4.2 DIRECTORS. Upon the Closing of the transactions contemplated by
this Agreement, IMARK's Board of Directors will be increased from five to six
members, which IMARK represents and warrants is permitted by its Certificate of
Incorporation and By-Laws. Xxxxxx X. Xxxxxxxxx and Xxxxxx X. Xxxxxxx will
resign as directors of IMARK and Advance will nominate three directors (at
least two of whom shall be independent directors as defined by NASD Rule
4300(a)(13)) who shall be elected by the remaining directors to serve until the
next annual meeting of stockholders. Thereafter, for so long as Messrs. Xxxxxx
X. Xxxxxxxx, Xxxx X. Xxxxxxxx, and Xxxxxx X. Xxxxx (the "Management
Directors"), or any of them, are employed by IMARK, Advance shall request that
the Advance Stockholders vote the IMARK Common Stock for the election of such
persons or person as a director at each meeting of stockholders at which
directors of IMARK are elected and the Management Directors will vote in favor
of three nominees of Advance, as long as two such nominees continue to be
"independent directors" under NASD Rule 4300(a)(13).

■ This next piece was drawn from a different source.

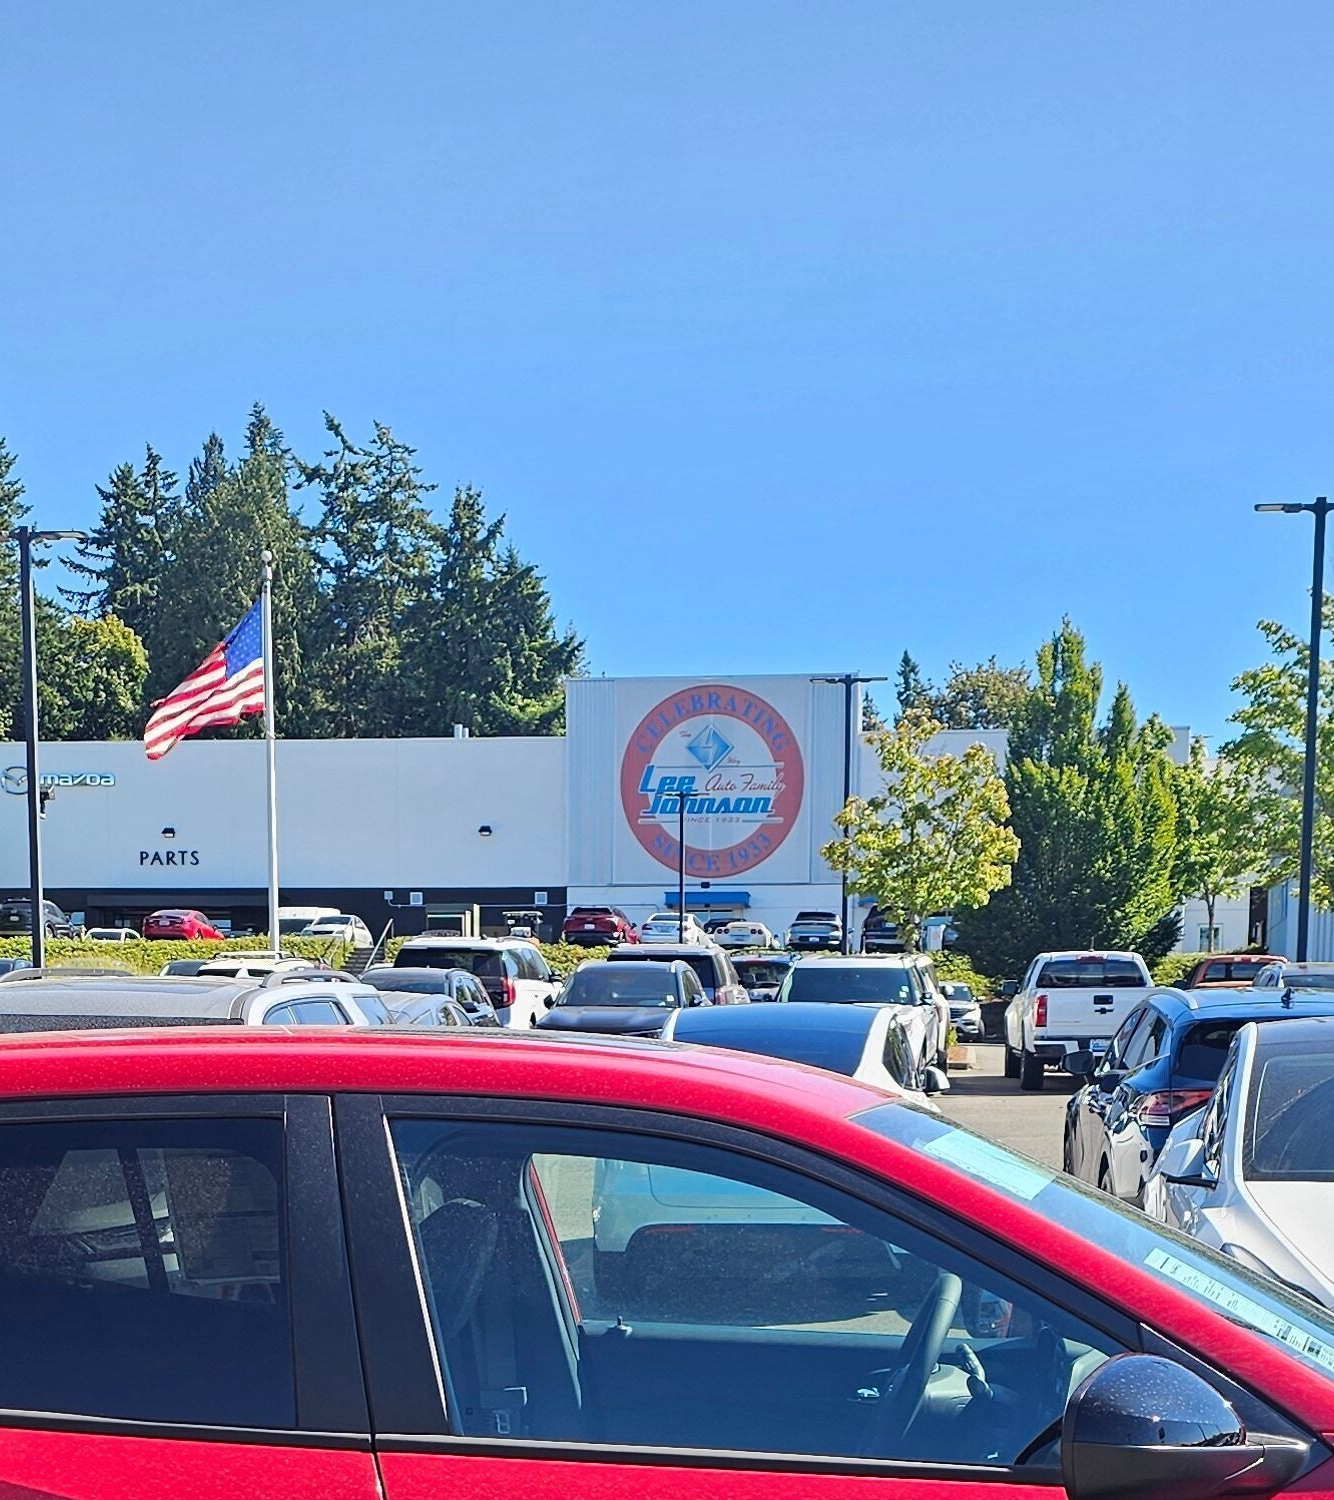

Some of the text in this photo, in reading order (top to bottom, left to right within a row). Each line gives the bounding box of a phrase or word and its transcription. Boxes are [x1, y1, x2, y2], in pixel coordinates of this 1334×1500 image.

4.3 NASD. Prior to Closing, IMARK will obtain assurances acceptable to
Advance that (a) IMARK will not be delisted from the Nasdaq Small Cap Market
for any action contemplated herein or condition presently existing, including
but not limited to (i) failure to have net tangible assets of at least $2
million, or (ii) failure to satisfy initial listing requirements if NASD Rule
4330(f) were deemed applicable to this transaction, and (b) IMARK is entitled
to the exception from the shareholder voting requirements for this transaction
by virtue of NASD Rule 4310(c)(25)(H)(ii).

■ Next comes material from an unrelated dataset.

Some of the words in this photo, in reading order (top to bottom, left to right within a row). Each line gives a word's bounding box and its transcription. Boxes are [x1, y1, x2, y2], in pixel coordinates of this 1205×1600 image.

4.4 ACCESS TO INFORMATION. Prior to the Closing, Advance shall be
entitled to make or cause to be made such reasonable investigation of IMARK,
and the financial and legal condition thereof, as each reasonably deems
necessary or advisable, and the other party shall cooperate with any such
investigation. In furtherance of the foregoing, but not in limitation thereof,
each shall permit the other and its agents and representatives to have full and
complete access its the premises, books and records upon reasonable notice
during regular business hours and each shall furnish such financial and
operating data, projections, forecasts, business plans, strategic plans and
other data relating to its business, as the other party shall reasonably
request from time to time. Any information obtained pursuant to this Section
4.4 shall be used only for the purpose of evaluating and the consummating the
transactions contemplated by this Agreement and shall otherwise remain
confidential.
4.5 INCREASE IN AUTHORIZED COMMON STOCK. As soon as practical after
the Closing, IMARK will call a meeting of its shareholders to approve an
amendment to its Articles of Incorporation to increase the number of authorized
Common Shares to a number sufficient to permit conversion of the IMARK
Preferred Stock into Common Stock of IMARK in full. If such an amendment is
not adopted within 12 months of the date hereof, Advance shall have, in
addition to my other remedies at law or in equity, the right to rescind its
purchase of the IMARK Preferred Stock.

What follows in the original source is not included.